* Phrase grounding data *
· · · · · · ·

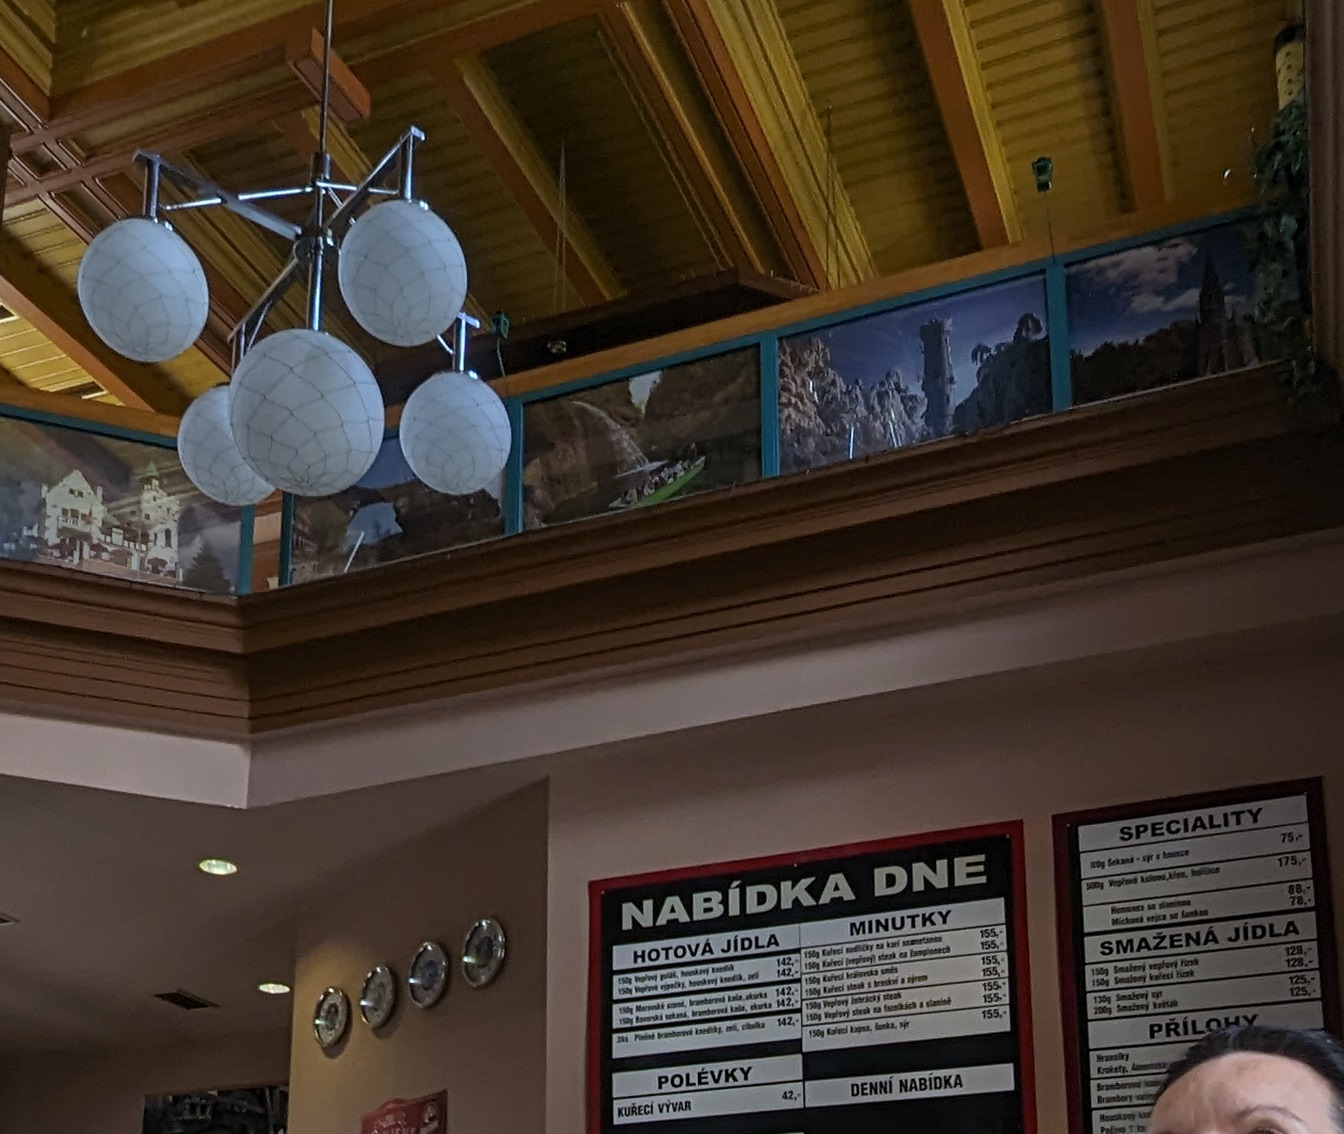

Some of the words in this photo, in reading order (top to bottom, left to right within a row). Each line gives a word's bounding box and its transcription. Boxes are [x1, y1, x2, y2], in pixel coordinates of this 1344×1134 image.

[1119, 807, 1263, 842] SPECIALITY
[1280, 830, 1302, 843] 75,-
[1278, 854, 1306, 868] 175,-
[621, 873, 855, 930] NABÍDKA
[873, 854, 988, 897] DNE
[849, 909, 951, 936] MINUTKY
[633, 941, 714, 964] HOTOVÁ
[720, 933, 780, 954] JÍDLA
[803, 949, 819, 960] 150g
[980, 927, 1003, 939] 155,-
[1099, 927, 1219, 957] SMAŽENÁ
[1227, 920, 1300, 943] JÍDLA
[804, 961, 819, 971] 150g
[980, 938, 1003, 950] 155,-
[618, 976, 631, 986] 150g
[776, 955, 798, 967] 142,-
[777, 967, 798, 978] 142,-
[804, 975, 820, 985] 150g
[981, 954, 1004, 966] 155,-
[982, 966, 1004, 978] 155,-
[1091, 966, 1108, 976] 150g
[1092, 977, 1109, 987] 150g
[1288, 973, 1315, 985] 125,-
[775, 986, 798, 998] 142,-
[776, 997, 798, 1009] 142,-
[805, 1000, 821, 1011] 150g
[982, 980, 1005, 991] 155,-
[805, 1012, 821, 1022] 150g
[982, 992, 1005, 1003] 155,-
[776, 1016, 799, 1027] 142,-
[808, 1029, 824, 1039] 150g
[981, 1007, 1006, 1020] 155,-
[1148, 1014, 1260, 1040] PŘÍLOHY
[657, 1066, 753, 1091] POLÉVKY
[850, 1076, 894, 1097] DENNÍ
[898, 1073, 964, 1094] NABÍDKA
[617, 1099, 654, 1118] KUŘECÍ
[658, 1098, 692, 1116] VÝVAR
[781, 1089, 801, 1101] 42,-

· · · · · · ·

* Work required *
Drop the images; copy every entry above exactly.

* Written answer *
Some of the words in this photo, in reading order (top to bottom, left to right within a row). Each line gives a word's bounding box and its transcription. Boxes are [x1, y1, x2, y2], in pixel coordinates of this 1344×1134 image.

[1119, 807, 1263, 842] SPECIALITY
[1280, 830, 1302, 843] 75,-
[1278, 854, 1306, 868] 175,-
[621, 873, 855, 930] NABÍDKA
[873, 854, 988, 897] DNE
[849, 909, 951, 936] MINUTKY
[633, 941, 714, 964] HOTOVÁ
[720, 933, 780, 954] JÍDLA
[803, 949, 819, 960] 150g
[980, 927, 1003, 939] 155,-
[1099, 927, 1219, 957] SMAŽENÁ
[1227, 920, 1300, 943] JÍDLA
[804, 961, 819, 971] 150g
[980, 938, 1003, 950] 155,-
[618, 976, 631, 986] 150g
[776, 955, 798, 967] 142,-
[777, 967, 798, 978] 142,-
[804, 975, 820, 985] 150g
[981, 954, 1004, 966] 155,-
[982, 966, 1004, 978] 155,-
[1091, 966, 1108, 976] 150g
[1092, 977, 1109, 987] 150g
[1288, 973, 1315, 985] 125,-
[775, 986, 798, 998] 142,-
[776, 997, 798, 1009] 142,-
[805, 1000, 821, 1011] 150g
[982, 980, 1005, 991] 155,-
[805, 1012, 821, 1022] 150g
[982, 992, 1005, 1003] 155,-
[776, 1016, 799, 1027] 142,-
[808, 1029, 824, 1039] 150g
[981, 1007, 1006, 1020] 155,-
[1148, 1014, 1260, 1040] PŘÍLOHY
[657, 1066, 753, 1091] POLÉVKY
[850, 1076, 894, 1097] DENNÍ
[898, 1073, 964, 1094] NABÍDKA
[617, 1099, 654, 1118] KUŘECÍ
[658, 1098, 692, 1116] VÝVAR
[781, 1089, 801, 1101] 42,-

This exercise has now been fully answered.